Multimeter Safety Tips
The Multimeter is one of the coolest things invented if you ask me. This cool little box can measure invisible forces like voltage, current, and resistance, just to name a few. One other function is to keep you safe. But did you know that there are a couple of extremely dangerous situations where you can get hurt using a meter, and even cause it to blow up? For the most part meter manufacturers have pretty good built in safety precautions, but you need to remember that even the best meters have their limitations. So here are two situations that you need to be aware of when you use your meter.
What exactly are transients? Transients are not the guys you see walking on the side of the highway with all of their belongings on their backs, moving from one town to another. Transients are short surges, quick bursts of energy that are induced on communication, data and power lines. Typically they are extremely high voltages that have the potential to push large amounts of current through an electrical circuit for up to a few thousandths of a second. That may not sound like a long time, but if you’re on the receiving end of that, I’ll bet it would seem like a lifetime. Transients are unavoidable and most don’t do any damage. However, combining high-voltage spikes and high current can be extremely dangerous.
Where do transients come from?
Lightning always comes to mind as the main transient cause. However, there are a lot of other devices that can induce transients onto a circuit, many of which are internal to a facility. In fact, it’s estimated that 80% of transient activity at a given facility is internally generated. These devices range from copiers, coffee makers, vacuum cleaners, VFD’s, motor switching, and ballasts just to name a few.
What do transients have to do with meters?

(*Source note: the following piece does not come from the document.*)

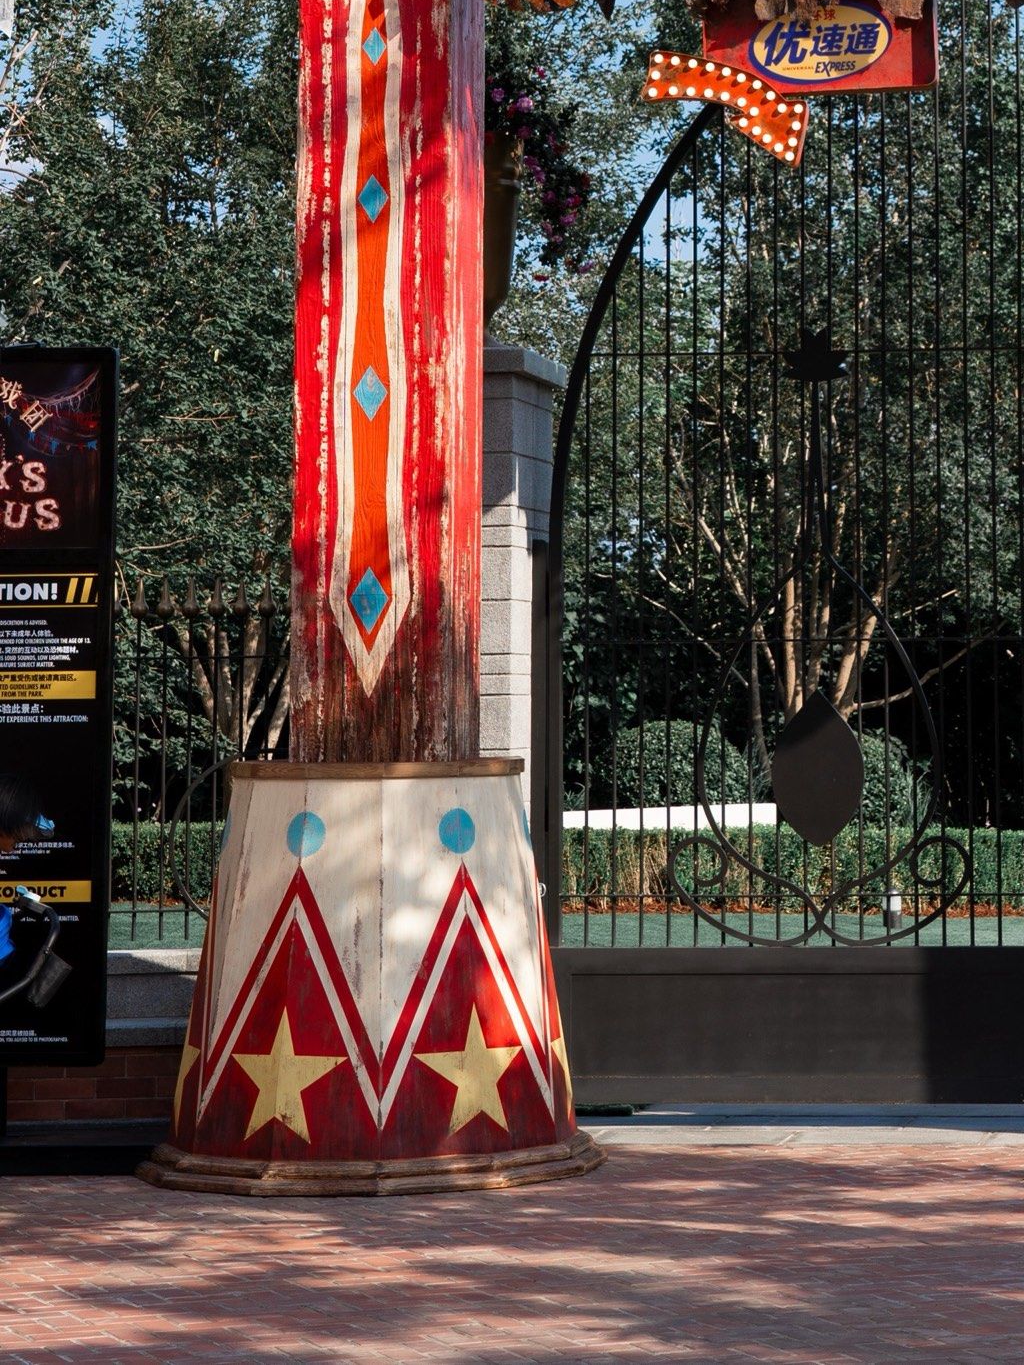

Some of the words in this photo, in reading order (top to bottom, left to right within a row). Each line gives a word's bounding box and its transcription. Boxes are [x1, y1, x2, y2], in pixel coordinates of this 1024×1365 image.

I’m getting there. But first you needed to know what the enemy was and where it came from in order to protect yourself. So what happens with a worst case scenario with meters and transients? Simple. There is an arc that takes place inside of the meter. Let’s say you’re testing a piece of equipment and lightning strikes the power line somewhere. The lighting induces a transient on the line that finds its way to the equipment you’re metering, in turn causing the arc inside of your meter. When that happens….BAM!! You think a gun has gone off right by your head. As a natural reflex you pull the probes of the meter away from the circuit not thinking about the thousands of amps that are running through the test leads. At this point the leads act like a circuit breaker and draw an arc as you pull them away. If the arcs from the probe tips happen to join, they will create a phase to phase fault that will turn into an arc blast with extremely high temperatures. Is this always going to happen? No. The hope is that the circuit will open fast enough when the meter blows up. Is this a possibility? Absolutely. The best multi-meter manufacturers put a lot of effort into protecting the input circuitry from transients, thereby keeping you safe.
Another situation that you need to be aware of is more of a misuse of the meter. It’s not done on purpose most of the time but can have serious implications. The offense at hand is a person trying to measure voltage while the test leads are in the current terminals. Now, the fuse in the meter does offer some protection, but it’s not absolute. To properly measure current in low-energy circuits, you have to open the circuit and insert the meter leads in series. The current in the circuit needs to stay the same, so the input impedance from the meter must be low enough that it doesn’t affect the current in the circuit. Once you’re done measuring the current, it’s easy to forget to change the leads over to the proper terminals to measure voltage. If the test leads are left in the terminals that measure current and are accidentally connected across a voltage source, the low input impedance essentially becomes a short circuit! It doesn’t matter if the selector dial is set to volts or amps, it’s the physical location of the leads. They are still physically connected to a low- impedance circuit. That’s why manufacturers protect the current terminals with fuses. They are the only thing that differentiate between the inconvenience of blown fuses and a potential disaster.